*** Opening MATERIAL SHOWN ***
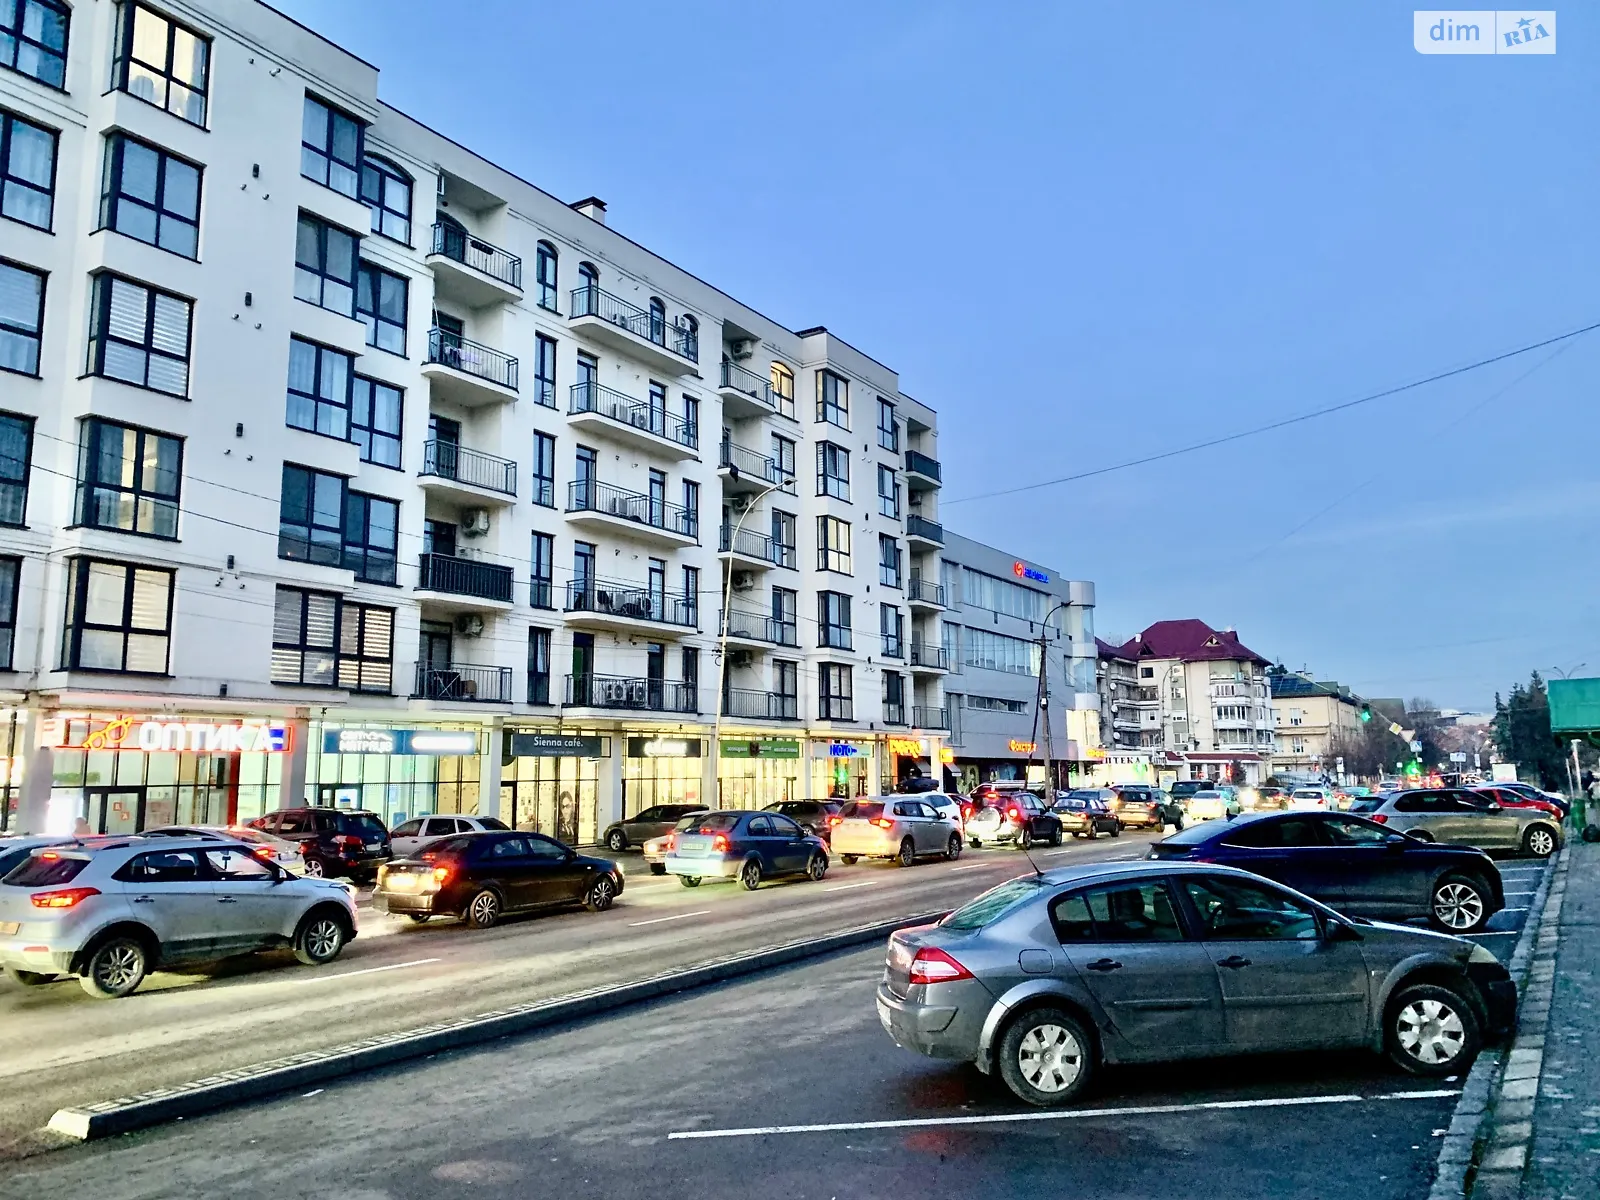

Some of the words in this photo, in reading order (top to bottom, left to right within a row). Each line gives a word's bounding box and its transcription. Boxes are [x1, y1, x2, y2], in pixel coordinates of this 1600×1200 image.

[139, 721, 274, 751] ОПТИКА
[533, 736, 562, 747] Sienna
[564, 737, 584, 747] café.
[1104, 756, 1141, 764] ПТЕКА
*** Closing MATERIAL SHOWN ***
*** Opening MATERIAL SHOWN ***
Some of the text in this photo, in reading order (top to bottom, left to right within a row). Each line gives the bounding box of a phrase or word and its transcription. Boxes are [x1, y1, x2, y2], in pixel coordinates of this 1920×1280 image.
*** Closing MATERIAL SHOWN ***
*** Opening MATERIAL SHOWN ***
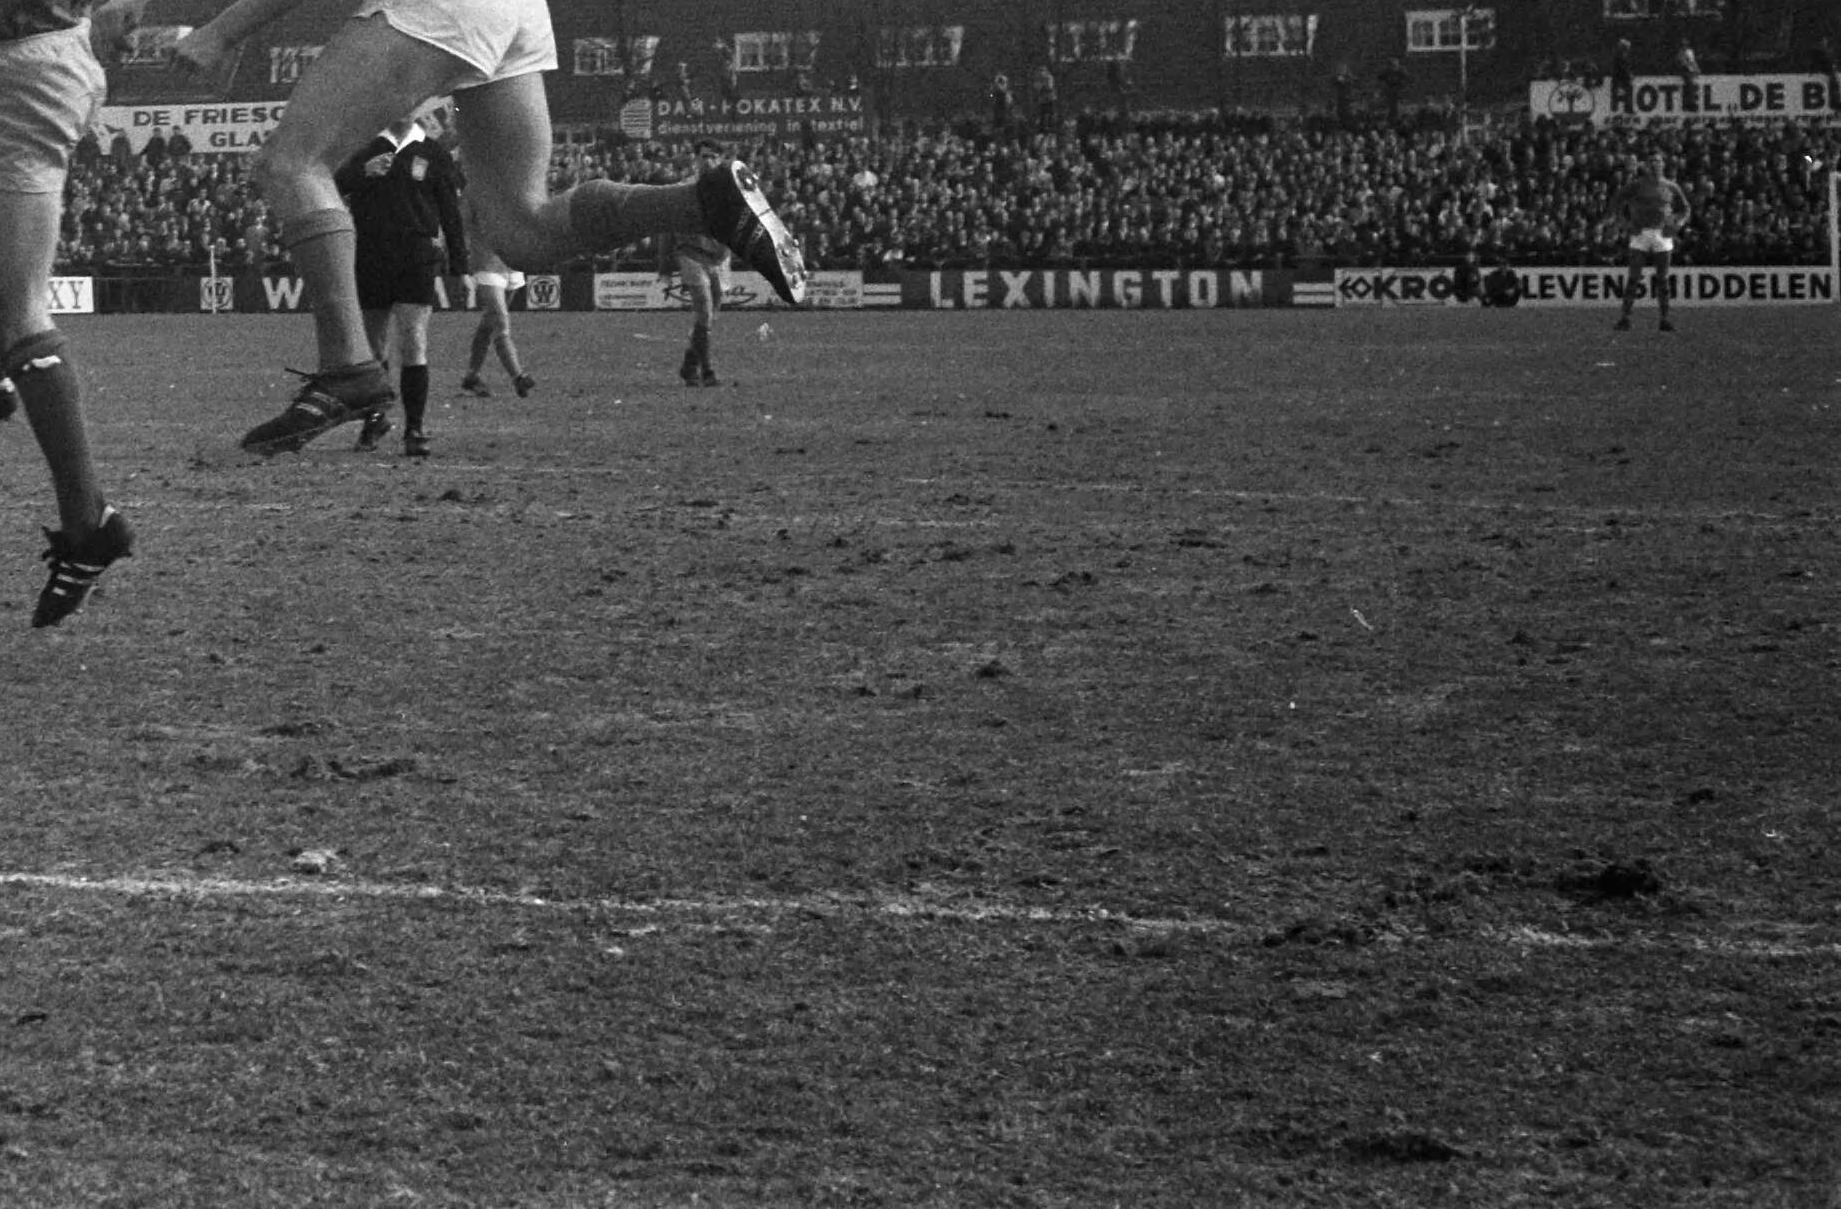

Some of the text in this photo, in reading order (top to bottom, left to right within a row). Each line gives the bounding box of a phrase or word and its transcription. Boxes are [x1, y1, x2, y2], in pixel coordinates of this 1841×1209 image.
*** Closing MATERIAL SHOWN ***
**WORK TASK:**
Go through the records above and return each line in which the word "text" occurs.

**RESULT OF THIS TASK:**
Some of the text in this photo, in reading order (top to bottom, left to right within a row). Each line gives the bounding box of a phrase or word and its transcription. Boxes are [x1, y1, x2, y2], in pixel coordinates of this 1920×1280 image.
Some of the text in this photo, in reading order (top to bottom, left to right within a row). Each line gives the bounding box of a phrase or word and its transcription. Boxes are [x1, y1, x2, y2], in pixel coordinates of this 1841×1209 image.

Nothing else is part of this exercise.